GOAL OF THE EXERCISE: A complete and exact copy of the data below is the task.

DATA FOR THIS TASK:
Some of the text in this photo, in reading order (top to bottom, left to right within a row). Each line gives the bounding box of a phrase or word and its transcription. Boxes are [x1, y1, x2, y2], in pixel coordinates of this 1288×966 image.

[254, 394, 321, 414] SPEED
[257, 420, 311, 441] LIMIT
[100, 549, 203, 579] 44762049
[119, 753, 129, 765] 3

REPLY TO THE EXERCISE:
Some of the text in this photo, in reading order (top to bottom, left to right within a row). Each line gives the bounding box of a phrase or word and its transcription. Boxes are [x1, y1, x2, y2], in pixel coordinates of this 1288×966 image.

[254, 394, 321, 414] SPEED
[257, 420, 311, 441] LIMIT
[100, 549, 203, 579] 44762049
[119, 753, 129, 765] 3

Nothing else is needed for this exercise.